[lug] more RAID0 on /

Lee Woodworth blug-mail at duboulder.com
Sat Nov 20 15:24:48 MST 2004


D. Stimits wrote:
> Lee Woodworth wrote:
> 
>> D. Stimits wrote:
>>
>>> Lee Woodworth wrote:
>>
>>
>>
>> .....
>>
>>>> You didn't say whether you are unplugging the IDE drives when you 
>>>> are switching from IDE to SCSI mode. If the IDEs are still present, 
>>>> they could affect what is considered /dev/md0.
>>>
>>>
>> This is the error from /boot/vmlinuz... which is using an initrd? I 
> 
> 
> Vmlinuz has already loaded at this stage and a number of things have 
> already succeeded, including proof that /boot/ has been read fine and 
> that vmlinuz has in fact loaded. Yes, it uses an initrd, but all MD 
> functionality is hard coded into the kernel...those modules do not even 
> exist in the IDE install either, it works fine, plus the kernel was 
> compiled with newer features to build in the config settings...I can 
> absolutely guarantee that this kernel has device mapper and IDE hard 
> coded. I have decompressed and mounted the initrd on loopback and can 
> guarantee scsi is available that way, plus the /boot/ *is* on SCSI and 
> it would have never read grub or loaded vmlinuz if it had not. I 
Having /boot be accessable means the GRUB SCSI driver loaded and that 
GRUB recognized the partition and fs. The kernel drivers haven't been 
used yet, in fact on my system /boot isn't mounted at any time during 
the boot process. The MBR loaded /boot/grub/stage1 which then loaded 
/boot/grub/xfs_stage_1_5 which then loaded /boot/grub/stage2 which then 
loads /boot/vmlinuz-xxxx.
> guarantee absolutely that it has device mapper, IDE, SCSI, and MD 
> available as it boots. Not possible with how far it has succeeded to not 
> be.
> 
>> suspect that the md driver isn't in your kernel or hasn't been loaded 
>> from an initrd. I have a 2.6.8 kernel with the device-mapper 
>> compiled-in (CONFIG_BLK_DEV_MD=y, same flag for RAID Support) and the 
>> device 
> 
> Same here. Also the device mapper config is "y" not "m".
CONFIG_BLK_DEV_MD=m is supposed to mean it is compiled as module and not 
statically linked into the kernel (y is for static linking). Maybe the 
kernel build scripts are broken and it is statically linked into the 
kernel. Look in /lib/modules/2.6.9-*/kernel/drivers/ for dm_mod.ko to 
see if the driver was built as a loadable kernel module.

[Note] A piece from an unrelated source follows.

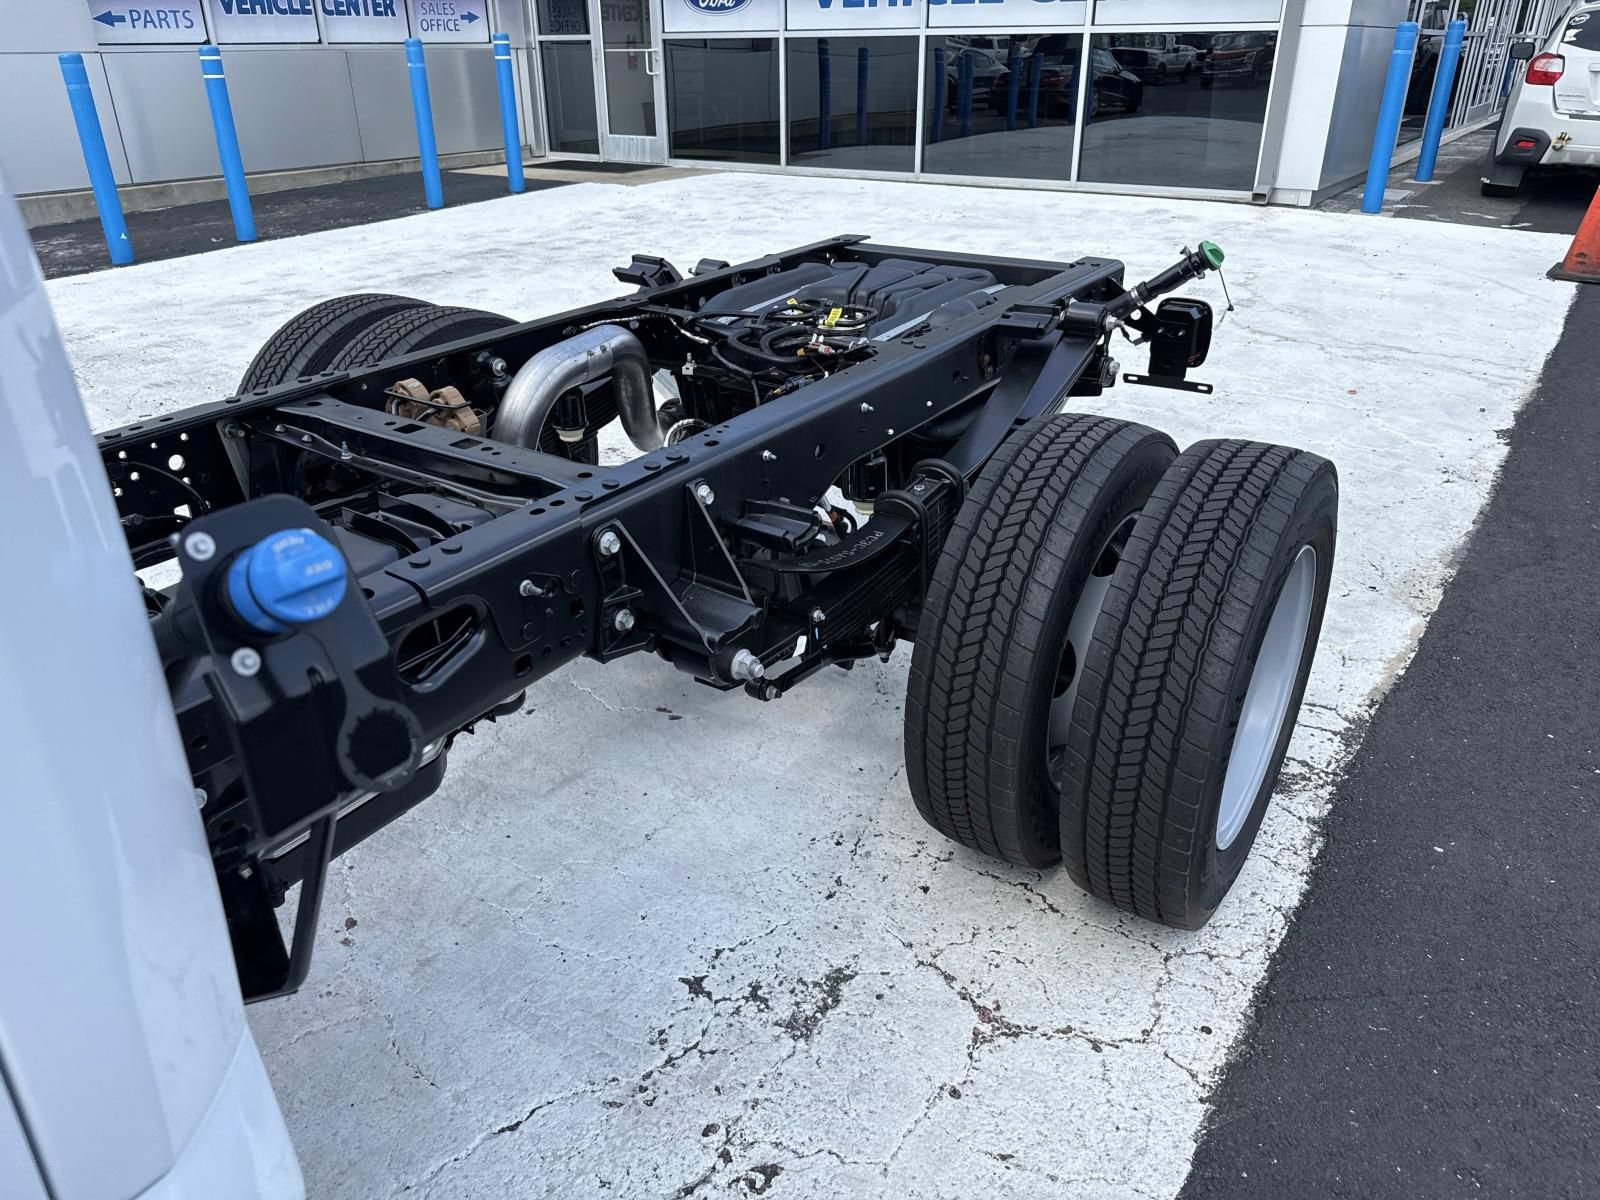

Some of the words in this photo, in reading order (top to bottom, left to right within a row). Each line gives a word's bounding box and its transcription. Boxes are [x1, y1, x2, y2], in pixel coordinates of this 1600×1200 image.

[420, 2, 456, 16] SALES
[128, 9, 195, 30] PARTS
[420, 18, 461, 32] OFFICE

 From nm /usr/src/linux-2.6.9-*/vmlinux (the uncompressed, unstripped 
build result) I find:
   c02ba3fd t .text.lock.dm
   c02bec29 t .text.lock.dm_ioctl
   c02bbb29 t .text.lock.dm_table
   c02bc0a5 t .text.lock.dm_target
   c02b89eb t .text.lock.md
for the statically-linked device mapper and raid drivers.

I can't think of anything else that might be happening. From my dmesg 
(gentoo with udev and LVM, no initrd, no raidtools or raidstart):

....
md: linear personality registered as nr 1
md: raid0 personality registered as nr 2
md: raid1 personality registered as nr 3
md: md driver 0.90.0 MAX_MD_DEVS=256, MD_SB_DISKS=27
device-mapper: 4.3.0-ioctl (2004-09-30) initialised: dm-devel at redhat.com
....
md: Autodetecting RAID arrays.
md: autorun ...
md: ... autorun DONE.
....
XFS mounting filesystem dm-0
Ending clean XFS mount for filesystem: dm-0

I am using LVM (which uses device mapper) so there are no raid arrays 
found. But the issues are the same, the /dev/md* devices need to be 
setup before the root fs mount.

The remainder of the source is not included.